## REQUIRED ACTION:
Copy the data below exactly, but not the pictures it contains.

## Source records:
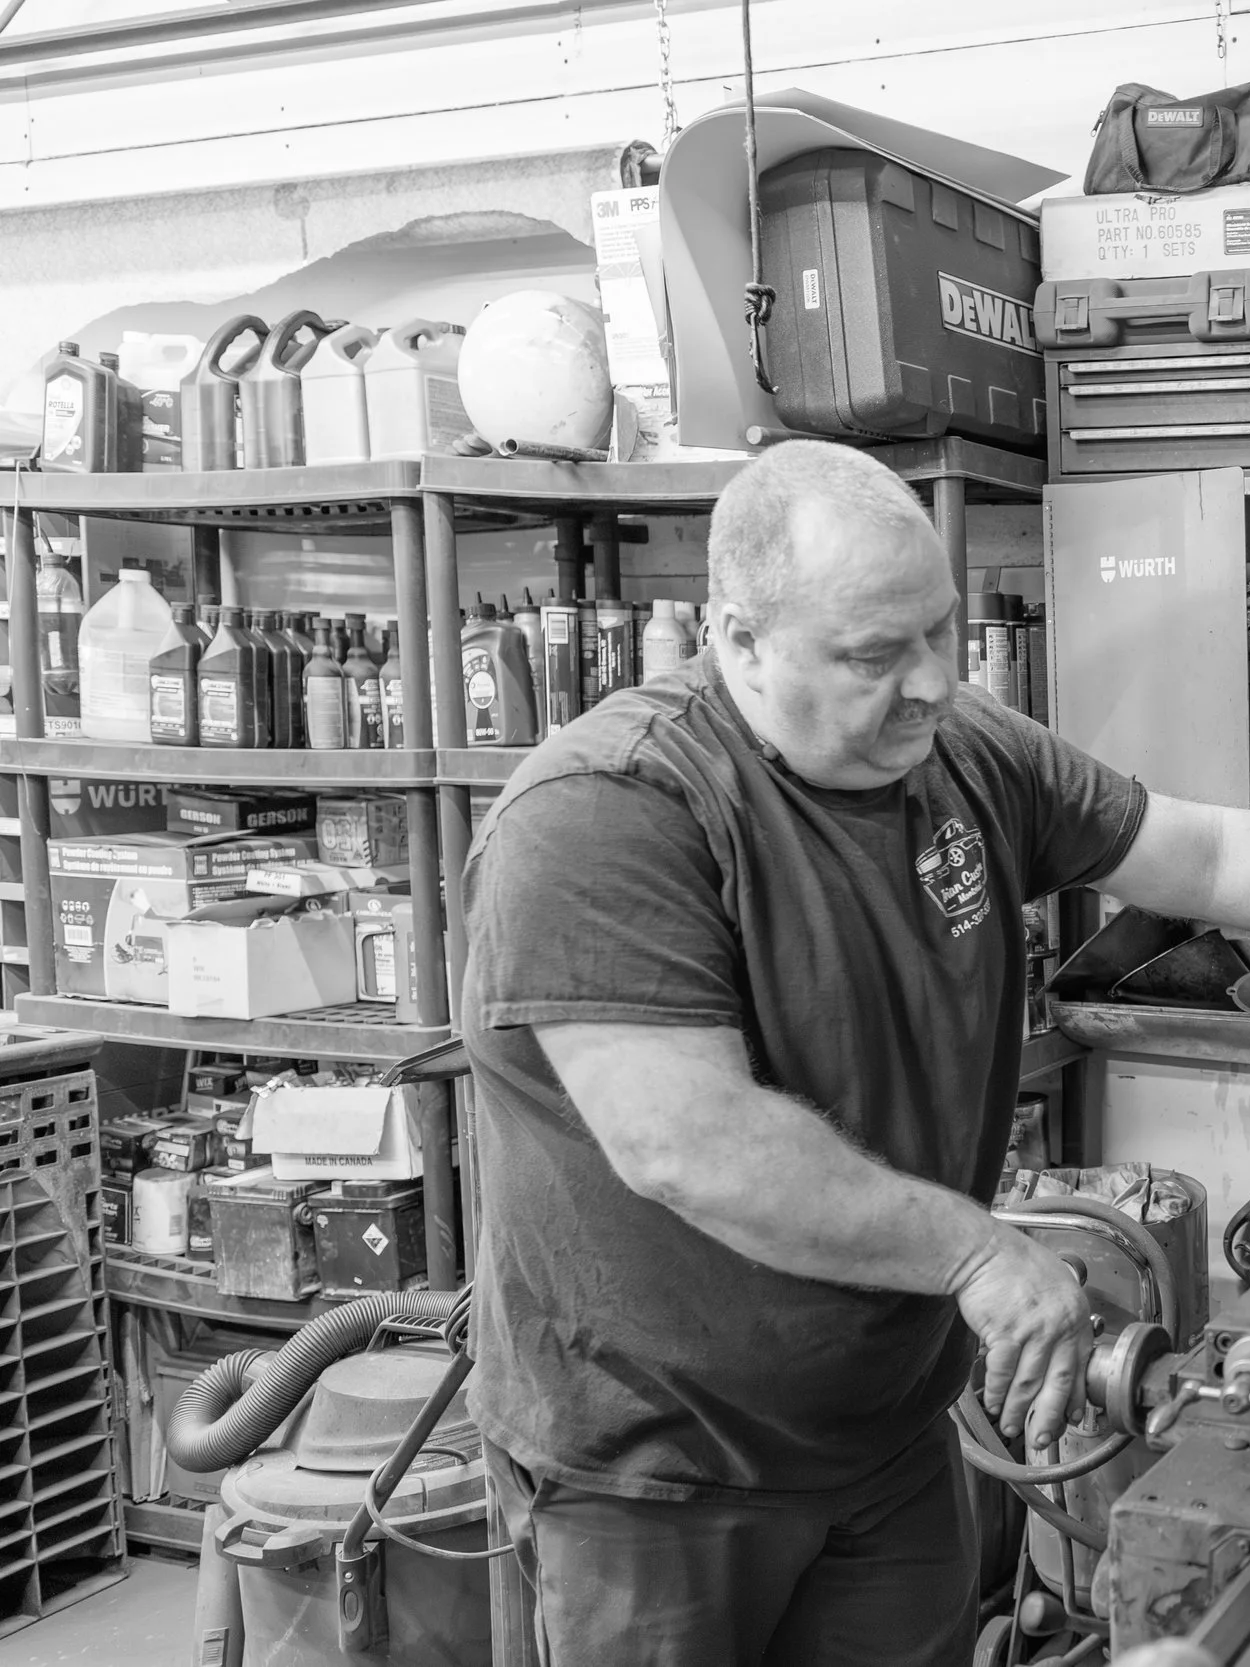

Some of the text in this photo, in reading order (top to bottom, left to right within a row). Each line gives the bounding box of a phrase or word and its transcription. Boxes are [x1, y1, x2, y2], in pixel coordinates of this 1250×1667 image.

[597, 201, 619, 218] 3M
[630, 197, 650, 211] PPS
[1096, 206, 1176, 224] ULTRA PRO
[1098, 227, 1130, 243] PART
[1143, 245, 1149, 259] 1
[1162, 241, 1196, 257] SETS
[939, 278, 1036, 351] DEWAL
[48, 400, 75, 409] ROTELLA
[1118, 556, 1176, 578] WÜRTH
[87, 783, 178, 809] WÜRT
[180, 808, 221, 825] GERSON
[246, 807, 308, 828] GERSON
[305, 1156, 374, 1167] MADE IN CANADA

## RESPONSE TO THIS TASK:
Some of the text in this photo, in reading order (top to bottom, left to right within a row). Each line gives the bounding box of a phrase or word and its transcription. Boxes are [x1, y1, x2, y2], in pixel coordinates of this 1250×1667 image.

[597, 201, 619, 218] 3M
[630, 197, 650, 211] PPS
[1096, 206, 1176, 224] ULTRA PRO
[1098, 227, 1130, 243] PART
[1143, 245, 1149, 259] 1
[1162, 241, 1196, 257] SETS
[939, 278, 1036, 351] DEWAL
[48, 400, 75, 409] ROTELLA
[1118, 556, 1176, 578] WÜRTH
[87, 783, 178, 809] WÜRT
[180, 808, 221, 825] GERSON
[246, 807, 308, 828] GERSON
[305, 1156, 374, 1167] MADE IN CANADA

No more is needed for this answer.